What is expected: Return exactly the lines from the one containing "this 1288×966 image." through the last line of the records below, both included, and leave out any pictures.

(Dataset entries)

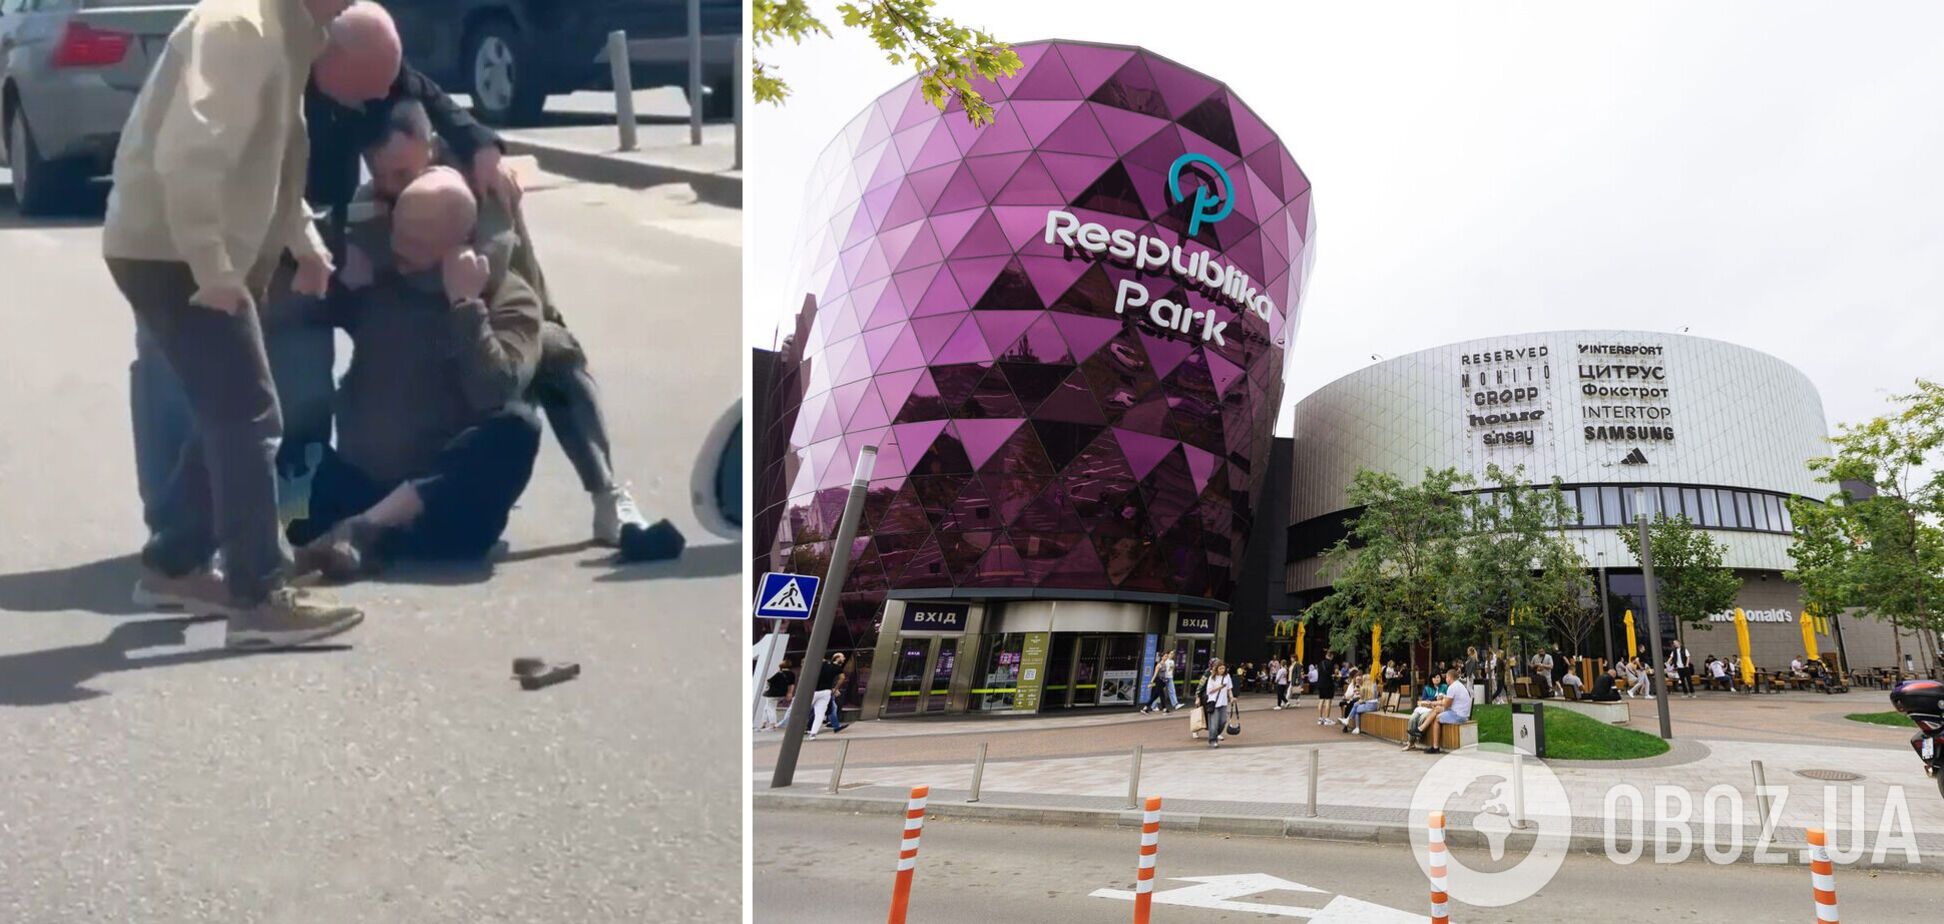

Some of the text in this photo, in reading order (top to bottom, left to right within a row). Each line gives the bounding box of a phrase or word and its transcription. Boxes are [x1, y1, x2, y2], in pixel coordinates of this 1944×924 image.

[1045, 210, 1273, 322] Respublika
[1114, 279, 1228, 346] Park
[1462, 346, 1548, 365] RESERVED
[1590, 345, 1663, 355] INTERSPORT
[1462, 365, 1550, 388] MOHITO
[1578, 365, 1665, 380] ЦИТРУС
[1474, 387, 1538, 406] CROPP
[1582, 383, 1669, 399] Фокстрот
[1469, 410, 1545, 426] house
[1582, 406, 1671, 420] INTERTOP
[1483, 430, 1534, 445] sinsay
[1584, 426, 1674, 441] SAMSUNG
[914, 611, 957, 625] ВХІД
[1182, 618, 1209, 629] ВХІД
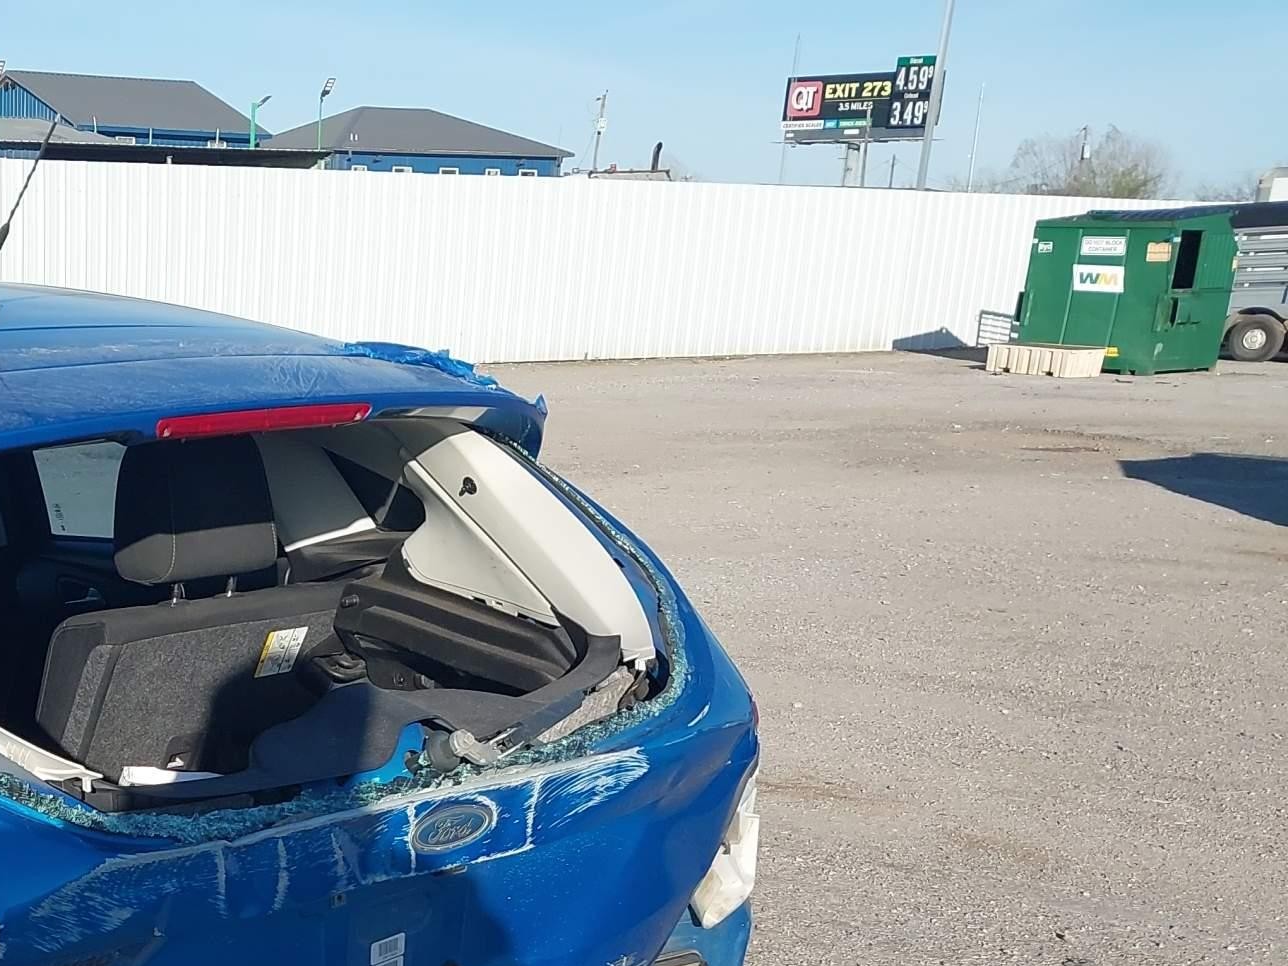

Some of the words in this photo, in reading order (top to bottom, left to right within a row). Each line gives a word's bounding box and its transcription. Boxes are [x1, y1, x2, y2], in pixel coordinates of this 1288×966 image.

[792, 86, 818, 112] QT
[824, 83, 860, 99] EXIT
[862, 81, 893, 97] 273
[1079, 272, 1119, 286] WM
[427, 814, 475, 845] Ford
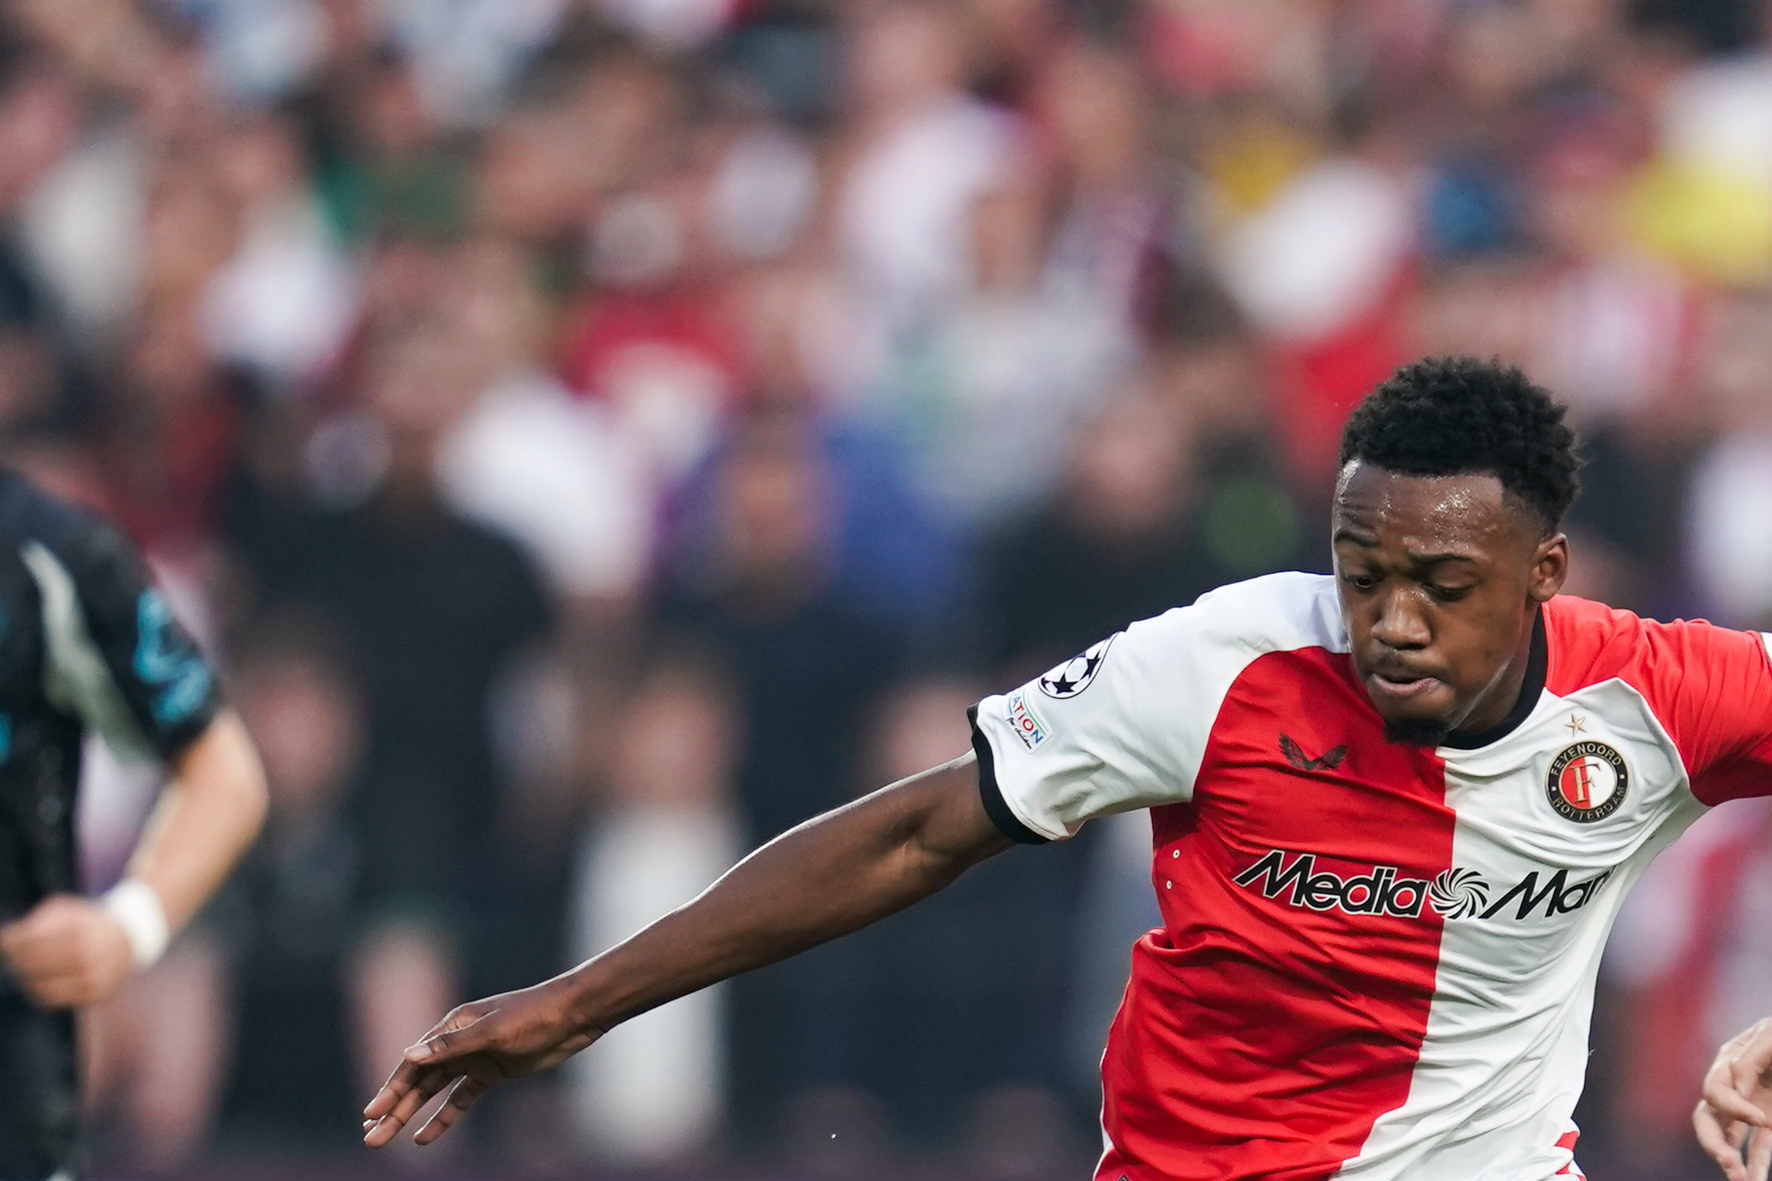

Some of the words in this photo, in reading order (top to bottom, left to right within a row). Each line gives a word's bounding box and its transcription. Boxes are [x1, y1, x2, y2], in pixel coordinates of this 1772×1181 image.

[1011, 694, 1043, 744] ATION
[1551, 743, 1622, 776] FEYENOORD
[1553, 786, 1625, 820] ROTTERDAM
[1233, 850, 1431, 918] Media
[1478, 867, 1619, 921] Mar
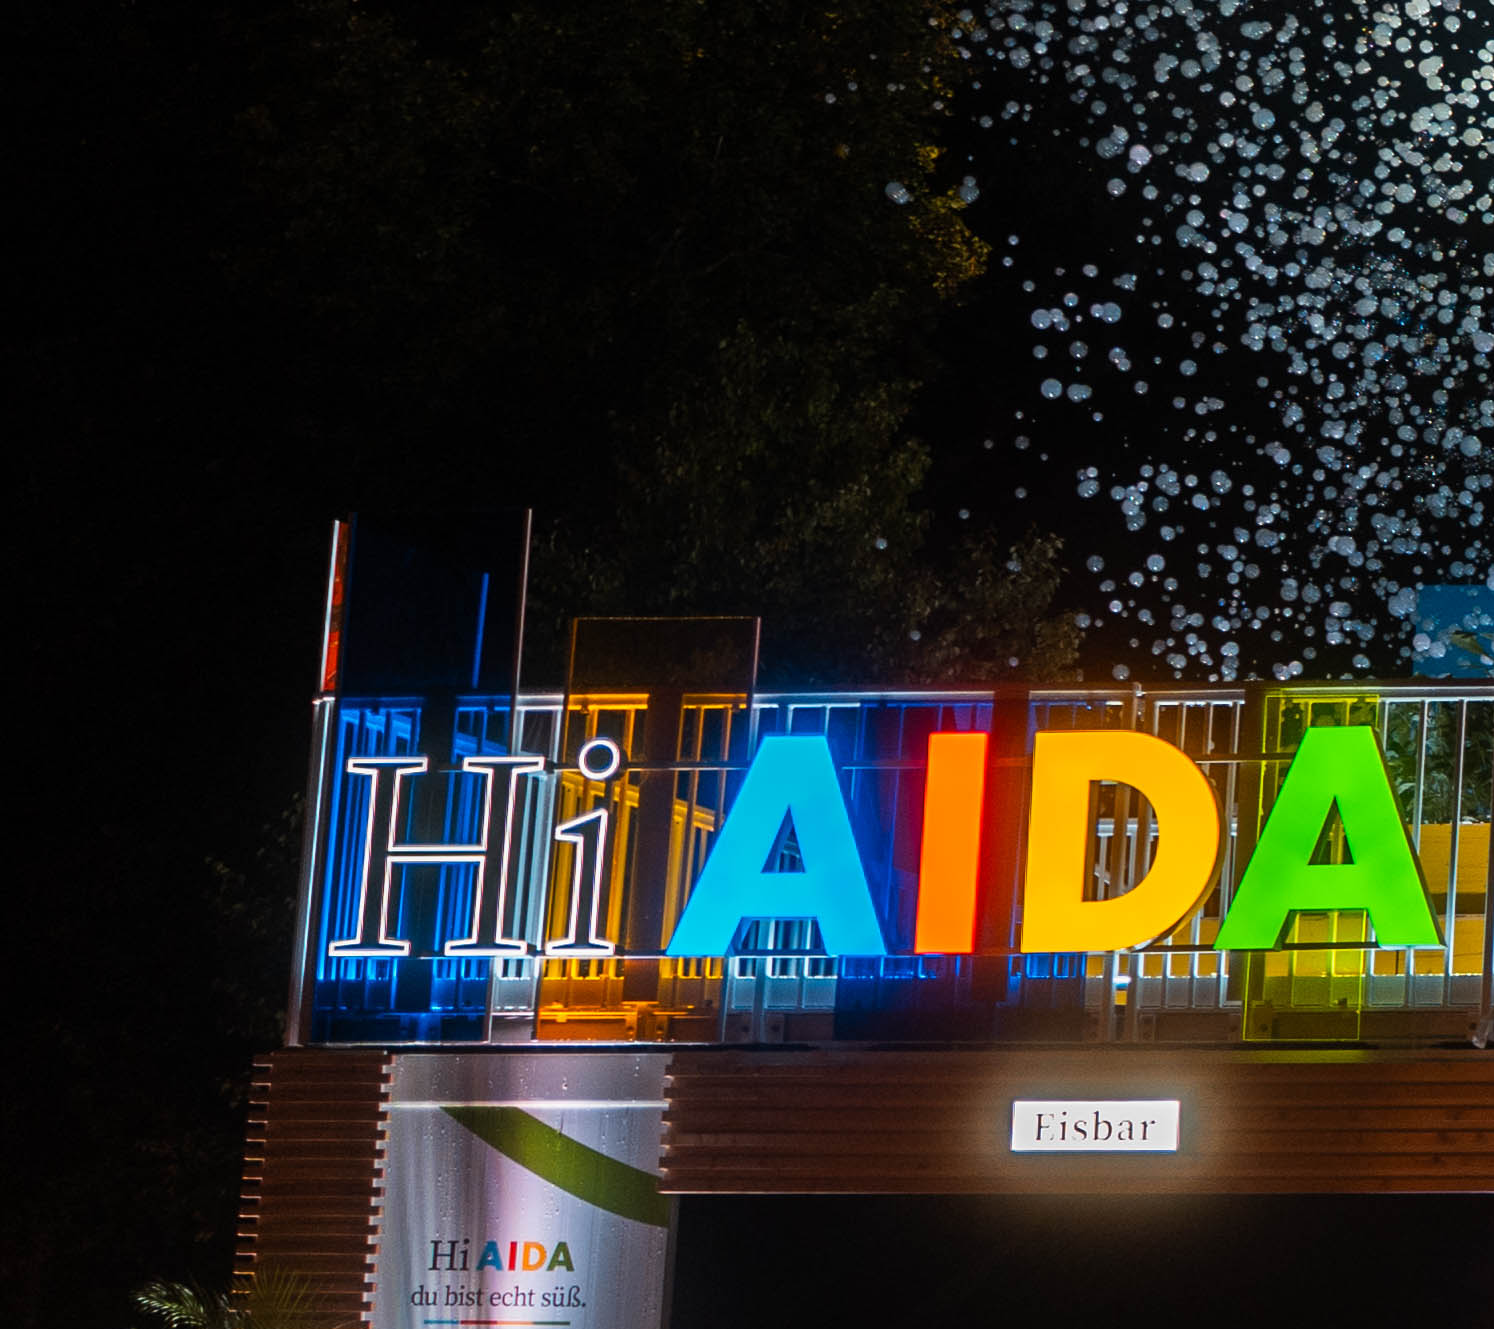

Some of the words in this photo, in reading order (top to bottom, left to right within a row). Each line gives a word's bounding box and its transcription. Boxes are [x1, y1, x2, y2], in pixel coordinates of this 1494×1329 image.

Solution for this problem:
Some of the words in this photo, in reading order (top to bottom, left to right within a row). Each line gives a word's bounding box and its transcription. Boxes are [x1, y1, x2, y2], in pixel coordinates of this 1288×966 image.

[792, 86, 818, 112] QT
[824, 83, 860, 99] EXIT
[862, 81, 893, 97] 273
[1079, 272, 1119, 286] WM
[427, 814, 475, 845] Ford

Some of the words in this photo, in reading order (top to bottom, left to right within a row). Each line gives a word's bounding box and its transcription. Boxes are [x1, y1, x2, y2], in pixel coordinates of this 1772×1181 image.

[1011, 694, 1043, 744] ATION
[1551, 743, 1622, 776] FEYENOORD
[1553, 786, 1625, 820] ROTTERDAM
[1233, 850, 1431, 918] Media
[1478, 867, 1619, 921] Mar

Some of the words in this photo, in reading order (top to bottom, left to right within a row). Each line gives a word's bounding box and its transcription. Boxes are [x1, y1, x2, y2], in pixel coordinates of this 1494×1329 image.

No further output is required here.